Momofuku Confetti Birthday Cake

from crumbsandnibbles.com, originally from Momofuku Milk Bar

Makes one very rich 6-inch 3-tiered cake

Ingredients:

For the cake:

1/2 stick (4 tablespoons) unsalted butter, at room temperature

1/3 cup vegetable shortening

1 1/4 cups granulated sugar

3 tablespoons light brown sugar

3 eggs

1/2 cup buttermilk

1/3 cup grapeseed oil

2 teaspoons clear vanilla extract

2 cups cake flour

1 1/2 teaspoons baking powder

3/4 teaspoon kosher salt

1/4 cup plus 2 tablespoons rainbow sprinkles

For the crumbs:

1/2 cup granulated sugar

1 1/2 tablespoons light brown sugar

3/4 cup cake flour

1/2 teaspoon baking powder

1/2 teaspoon kosher salt

2 tablespoons rainbow sprinkles

1/4 cup grapeseed oil

1 tablespoon clear vanilla extract

For the frosting:

1 stick (8 tablespoons) unsalted butter, at room temperature

1/4 cup vegetable shortening

2 ounces cream cheese

1 tablespoon liquid glucose

1 tablespoon light corn syrup

1 tablespoon clear vanilla extract

1 1/3 cups confectioners’ sugar

1/2 teaspoon kosher salt

Pinch of baking powder

Pinch of citric acid

For the cake soak:

1/4 cup whole milk

1 teaspoon clear vanilla extract

Special Equipment:

1 6-inch cake ring

2 3″ by 20″ strips of acetate

1 quarter sheet pan

Directions:

For the cake:

1. Preheat the oven to 350 F.

2. In the bowl of an electric mixer, combine butter, shortening, light brown sugar and white sugar and cream on medium-high for 2-3 minutes.
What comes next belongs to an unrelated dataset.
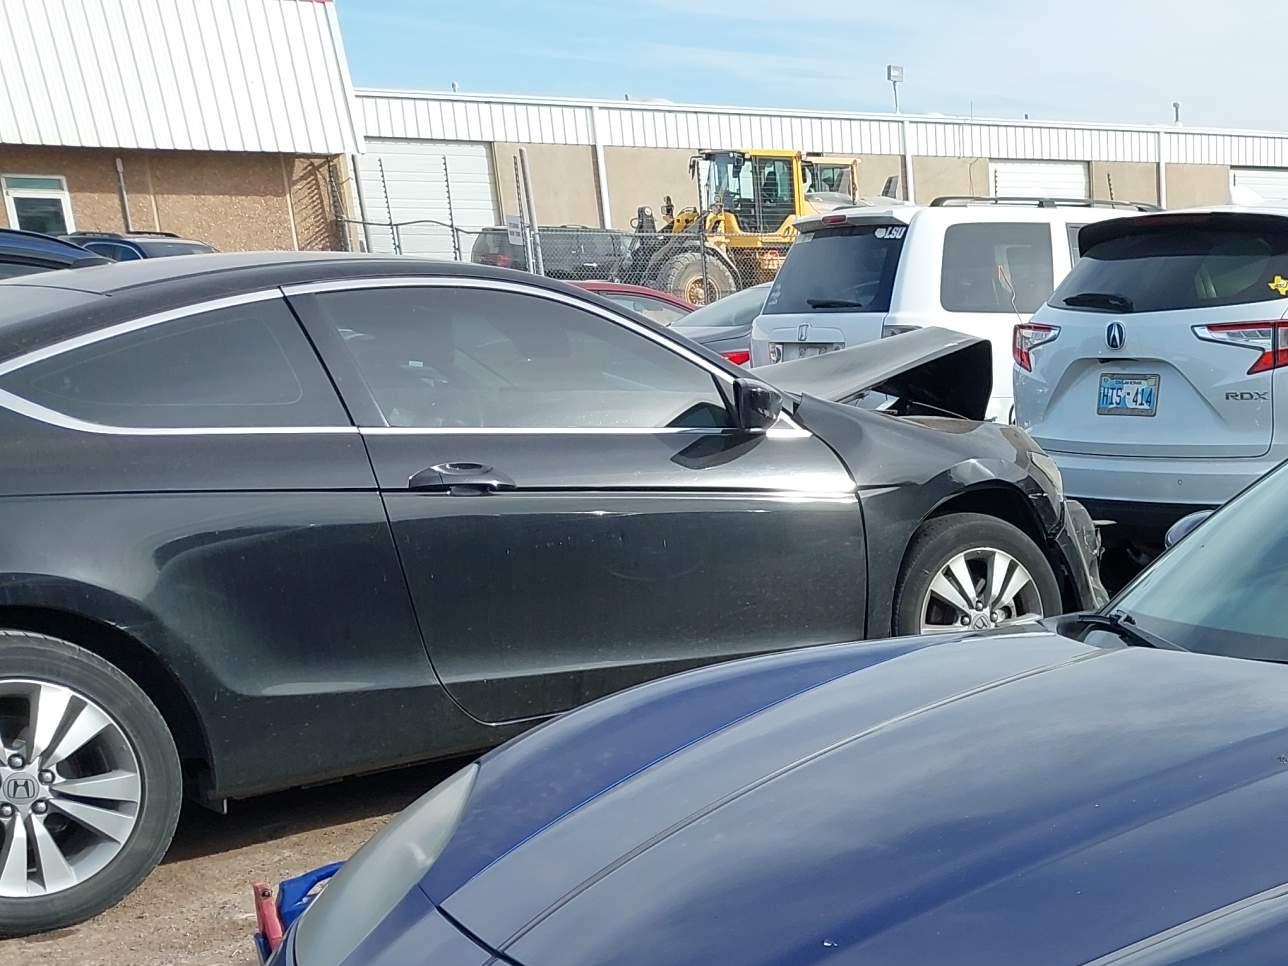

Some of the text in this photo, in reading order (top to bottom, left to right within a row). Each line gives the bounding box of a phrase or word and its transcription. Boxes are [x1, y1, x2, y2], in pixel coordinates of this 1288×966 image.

[884, 226, 907, 239] LSU
[1132, 387, 1153, 407] 414
[1225, 391, 1270, 401] RDX
Scrape down the bowl, crack in eggs, then return the mixer to medium-high for another 2-3 minutes. NOTE: I don’t usually abide by suggested mixing times, but I decided to set timers for this recipe and the result was just about perfect.

3. Scrape down the bowl again and set the mixer to low speed. Gradually stream in oil, buttermilk, and clear vanilla. Increase your speed to medium-high and mix for 4-6 minutes. You’re forcing a lot of liquid into a fatty mixture, so you want to continue to beat until the batter is almost white, with no more fatty or liquidy streaks.

4. Scrape down the bowl again, then set the speed to low and gradually add in cake flour, baking powder, salt and 1/4 cup sprinkles. Pour the batter into a quarter sheet pan that’s been sprayed with baking spray, then lined on the bottom with parchment (or you could use a Silpat). Spread it out evenly and top with 2 tablespoons of sprinkles. Bake for 30-35 minutes, or until the edges of the cake bounce back a little when gently prodded and the middle is set. Cool in the pan on a wire rack. The cake will keep for up to 5 days in the fridge.

For the crumbs:

1. Lower the oven to 300 F.

2. Combine some sprinkles, cake flour, brown sugar, white sugar, baking powder, and salt in the bowl of an electric mixer.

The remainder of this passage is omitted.